In the case of a wildfire, insurers worry that embers could travel miles from a wildfire and land on a combustible roof and start a fire in another area, Mr. Grain.

Many roofs on buildings in California are constructed of wood or shingles, he said.

Valuations are increasing to help cover the rising cost of roofs and to ensure buildings are insured to value adequately, said Randy Doss, Houston-based senior broker at CRC Insurance Services Inc.

“Let’s say the norm five years ago was $65 per square foot for frame buildings. Nowadays, they’re up to $100 or $110 per square foot for frame buildings to offset some of those roof costs,” Mr. Doss said.

Variations in building codes in different states and problems with roofing contractors in some states can also affect the terms available, he said.

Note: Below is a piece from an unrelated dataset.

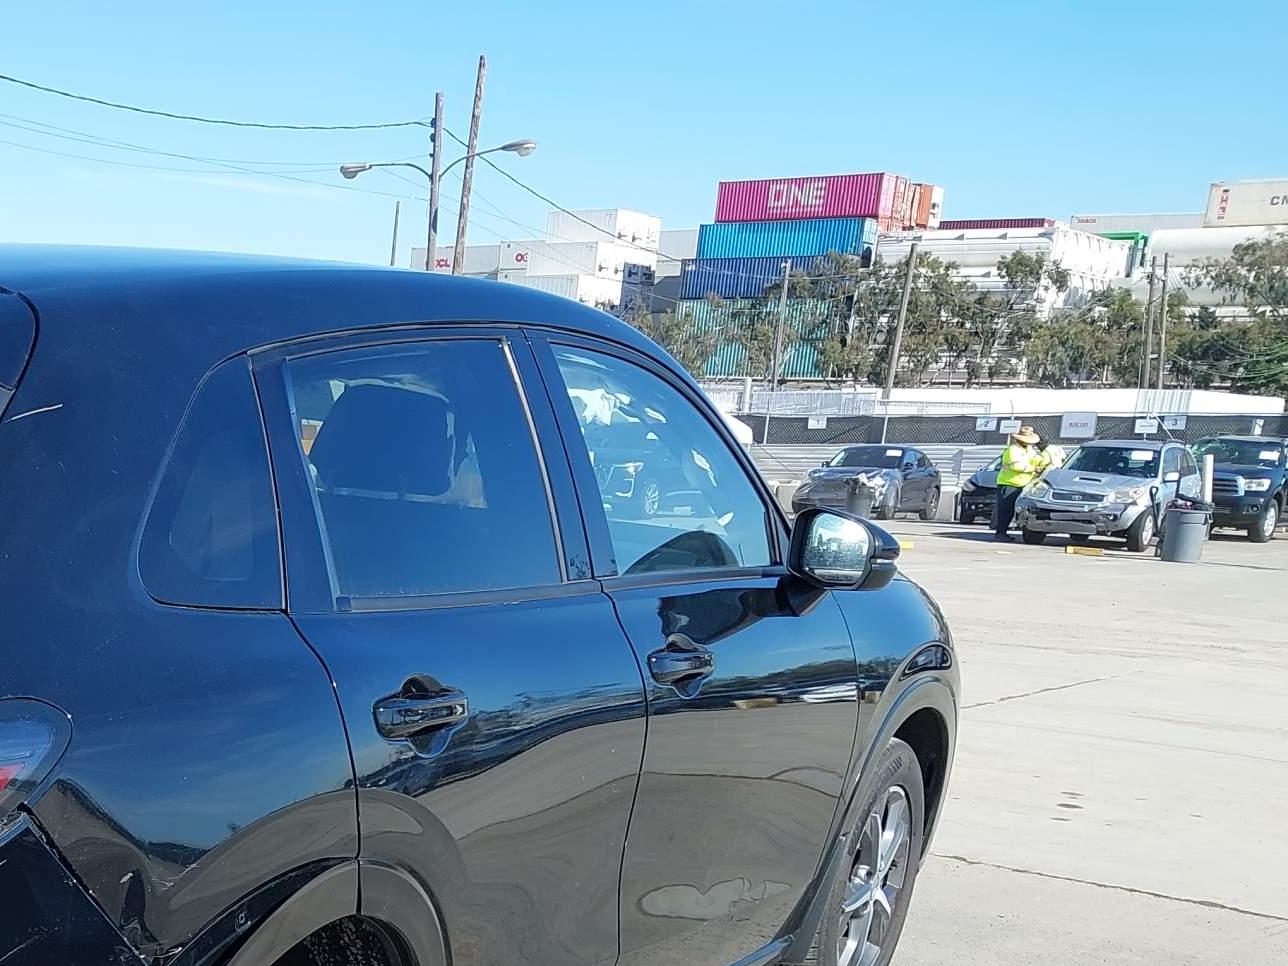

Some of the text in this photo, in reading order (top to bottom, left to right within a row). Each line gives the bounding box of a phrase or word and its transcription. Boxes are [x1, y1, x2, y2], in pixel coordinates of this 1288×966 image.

Valuations overall have become a rallying point for the market, particularly on roofs in high-risk zones that are subject to the whims of wind, rain and water damage, said Henry Daar, Chicago-based vice president and head of property claims at Willis Towers Watson PLC.

“Carriers don’t want to pay for the same thing two or three times,” Mr. There.

In the case of a roof that has previously been subject to loss but has not been repaired, insurers will either exclude existing unrepaired damage from coverage or limit what they cover to a percentage of the damage, he said.

Other clauses limit the amount insurers will pay out for so-called cosmetic damage to a roof — for example, if a hailstorm results in pockmarks but is not determined to have caused a loss of structural integrity, he said.

Roofing claims can be costly and, based on the roof composition and building structure, can range anywhere from a $25,000 loss to a $5 million loss, Mr. There.